Revalidation: Safe Practice or just another massive hurdle?

Revalidation: Safe Practice or just another massive hurdle?

Dr Steve Wilson
Tuesday 23 April 2013

At the February meeting of Federal AMA CoGP, we were asked to consider Revalidation in detail. Revalidation had its birth in the UK several years ago and a number of my OTD colleagues have experience of it. The Medical Board of Australia is working this issue up for input from every medical group including the AMA. The deliberations will be over several years so, don’t panic! 

Under the title of Managing Performance, AMA CoGP has been asked to provide comments for consideration by the AMA’s Ethics and Medico-Legal Committee (EMLC) and the Economics and Workforce Committee (EWC) for Federal Council and the later AMA contribution to the Medical Board of Australia (MBA) conversation on revalidation. In November last year, the MBA announced it would begin the discussion of revalidation for medical practitioners in Australia, particularly as to “how it can support patient safety”.


There is an international framework through which the highest regulating body, International Association of Medical Regulatory Authorities (IAMRA) defines revalidation (a.k.a. ‘Recertification’) as “…the process by which doctors have to regularly show that they are up to date and fit to practise medicine allowing retention of license to practise’. MBA expects to develop an initial discussion paper later this year and to consult widely with all stakeholders as the ‘conversation’ develops.


In January this year, the AMA Executive Council requested EMLC and EWC to:


• Identify the gaps (if any) in existing processes for identifying and addressing risky behaviour

• Develop a working definition of revalidation in that context

• Identify and address the compliance and opportunity costs; and

• Introduce the concept of professional responsibility for addressing risky behaviour directly with colleagues, on the basis of avoiding the need to make a mandatory report.

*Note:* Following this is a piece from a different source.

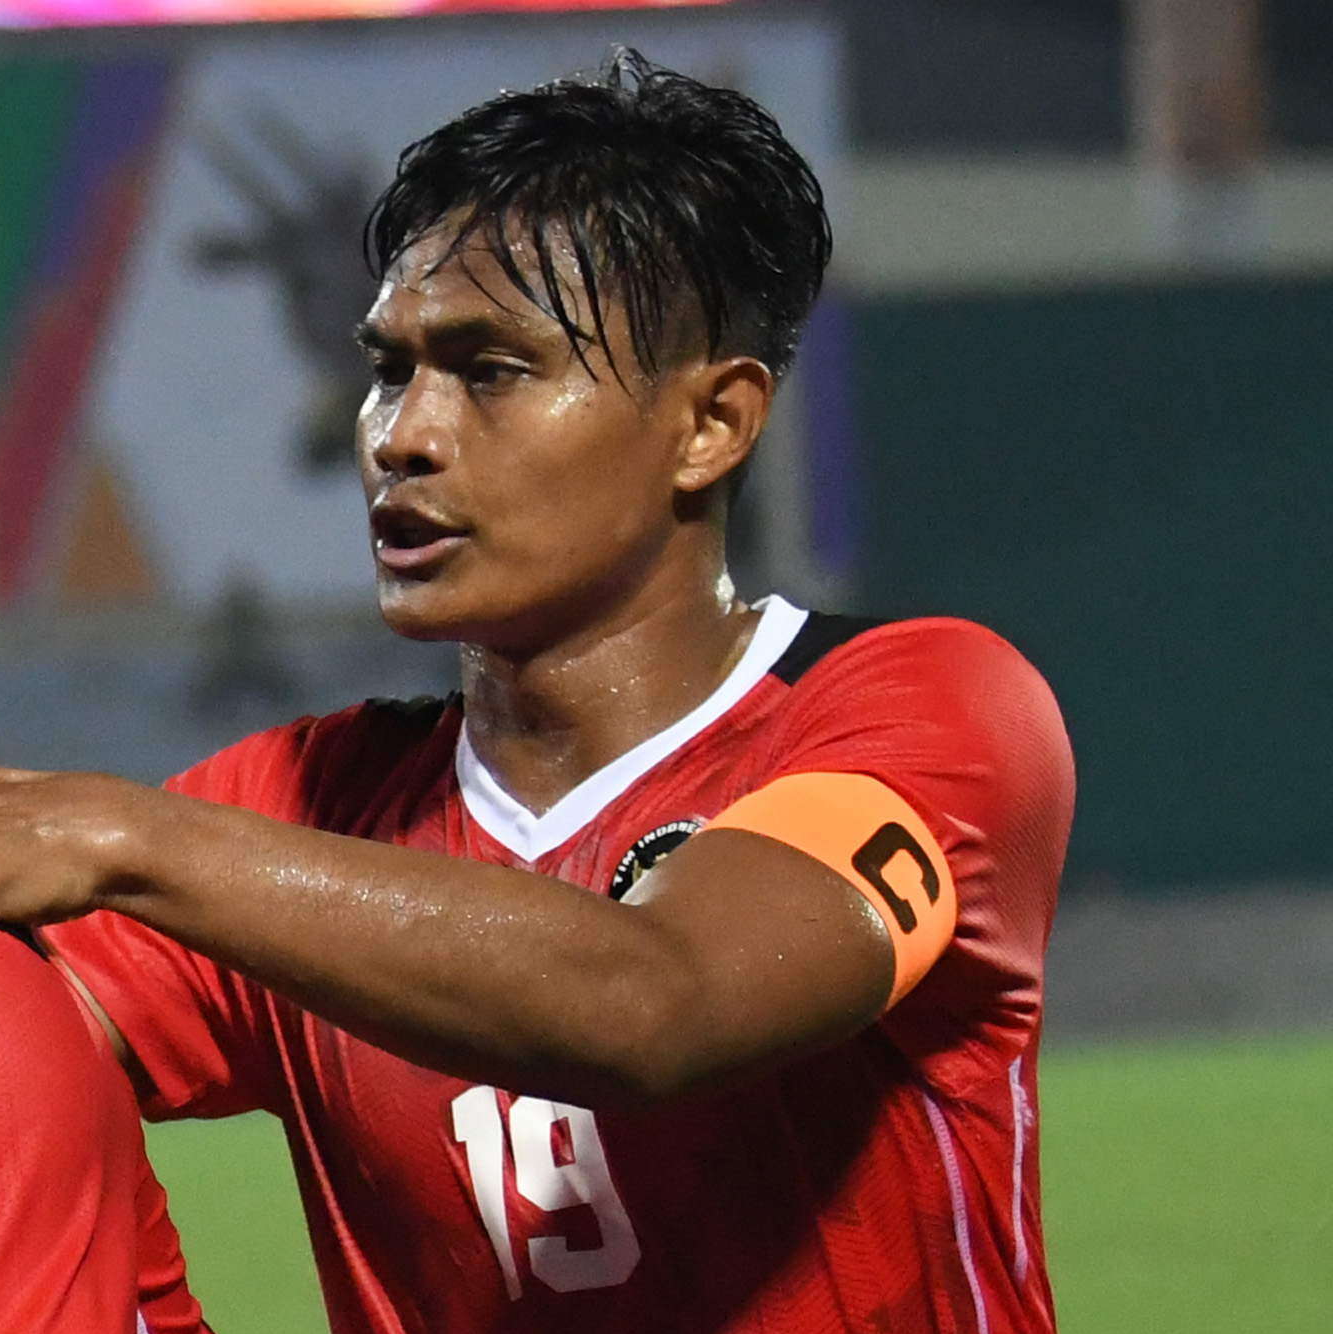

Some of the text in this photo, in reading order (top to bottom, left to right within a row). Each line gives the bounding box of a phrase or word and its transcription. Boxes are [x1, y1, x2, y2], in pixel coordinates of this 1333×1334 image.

[613, 821, 701, 887] TIM INDONE
[851, 821, 940, 934] C
[451, 1084, 641, 1300] 19

The fact is that Australian General Practice is already a heavily regulated environment. We have an internationally-acclaimed Accreditation system, Recognised Training Pathways, Vocational Registration and a fairly rigorous Continuous Professional Development requirement. However, certain limitations prevail – e.g. self-assessment can be poor, old(er) doctors are slower and can be overall less safe, and that manual skills such as surgical dexterity decline from around 55-60 years old. Doctors also rate quite highly on stress and mental disorders scales.


Further, I believe many of the ‘safety nets’ of the past have been largely crisis based – i.e. once you are seriously in trouble, are not prevention/education orientated and Mandatory Reporting has done nothing to help the situation in all states bar WA. The analogy often drawn for doctors is pilots. However commercial pilots especially, have rigorous annual health check-ups, rigid substance and alcohol restrictions and are mandated to fly long-haul no more than a certain numbers of hours a week for fatigue reasons. Meanwhile we still bang on about Safe Hours practice yet see it summarily breached every day. Will this be addressed as part of the process?

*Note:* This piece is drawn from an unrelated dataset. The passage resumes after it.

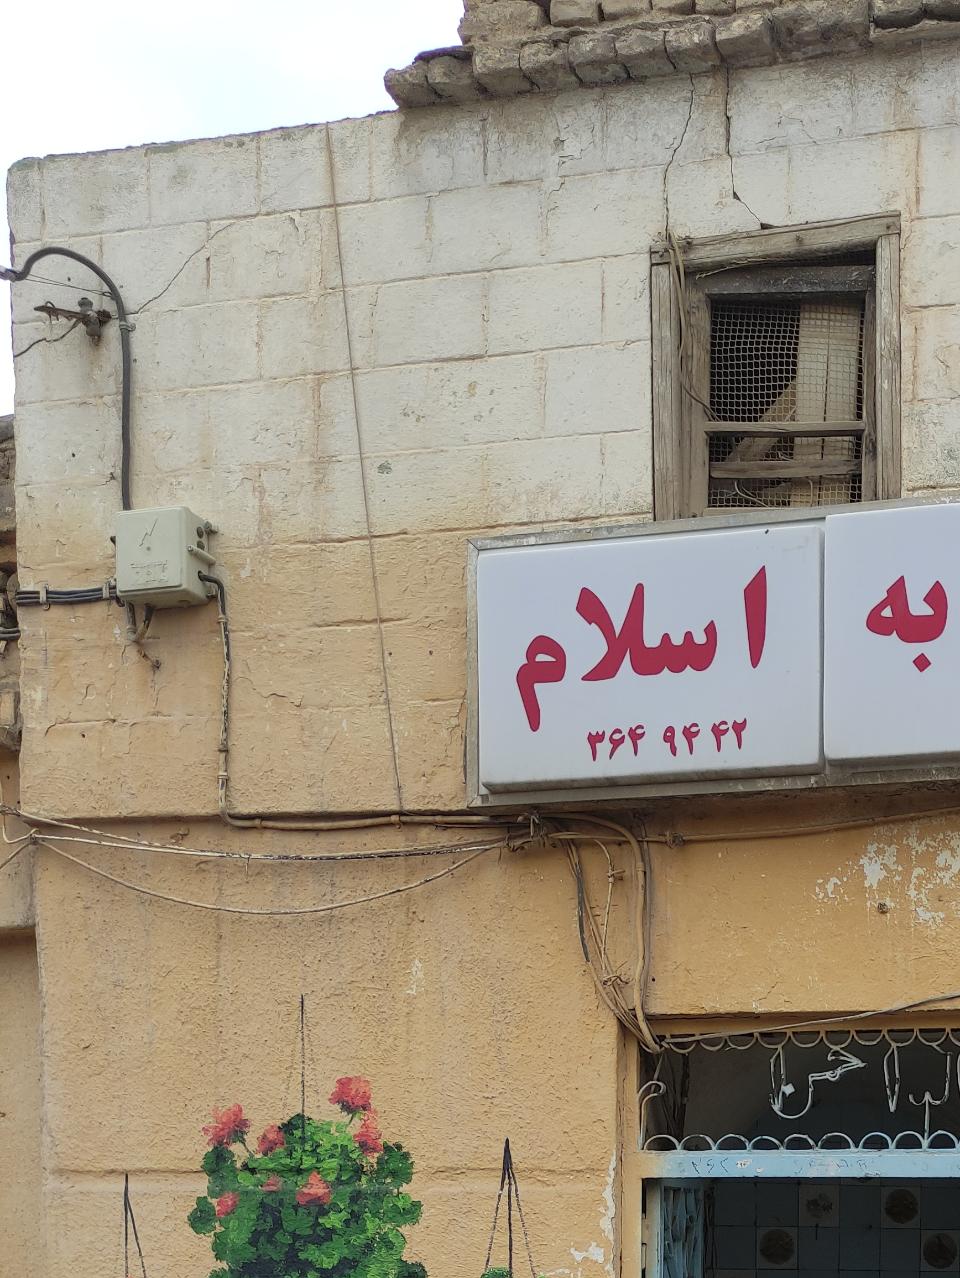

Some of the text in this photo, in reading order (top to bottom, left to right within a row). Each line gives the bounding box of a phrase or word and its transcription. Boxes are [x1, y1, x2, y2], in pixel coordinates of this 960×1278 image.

[516, 566, 768, 732] اسلام
[587, 717, 747, 761] ۳۶۴ ۹۴ ۴۲

Secretariat, as always, prepared an excellent paper which posed such timely questions as:


• Does the medical profession have confidence that the regulatory framework is working to identify and address risky behaviour?

• Are there gaps or deficiencies in the current regulatory framework or processes that could be filled or improved to identify and address risky behaviours?

• Is the regulatory framework adequately addressing the issues to manage poor performance?

• Is the regulatory framework adequately informing activity to avoid future adverse events?


Fundamental questions need to be asked. Where is the evidence that further regulation is needed, which will be preventative and ultimately beneficial to the profession and the community? Will it address those who fail to practise to agreed levels, and is that a sign of ‘impairment’ or more about personal style, lack of time, adequate remuneration, or lack of care, training, experience, sheer demand and workforce numbers? For me, some of the immediate issues are:


• We must show the evidence for need?

• Costs will have to rise if a revalidation process is introduced. Who pays?

• Will yet more layers of bureaucracy and an ‘industry’ grow around it?

• What is it we are trying to address? Risky behaviour? ‘Safe to Practice’? Competence versus doing a quality job?

• Why validate every doctor to catch the sub-competent or dangerous minority?


• It may cause attrition of medical numbers, both overall and in certain craft groups especially ‘riskier’ areas of practice

• Encourage earlier retirement of older doctors who are not ‘hypo-competent’ (a new term) but feel under threat by this process

• Any process should be profession owned

• Have the MDOs called for it as a risk mitigation strategy to date? No

• We need a better system to address near misses, substandard care and protection for any whistle-blowers.


The next moves include an MBA forum in Melbourne on revalidation for medical practitioners; MBA Chair Dr Joanna Flynn in discussion with Federal Council; and a policy session on revalidation at the AMA National Conference in May.


Dr Flynn of the MBA will present and the President of the British Medical Association has been invited to share the UK experiences to date.


The document will be further refined after each of these meetings to keep the AMA’s position up-to-date and to shape any formal AMA submission to the MBA.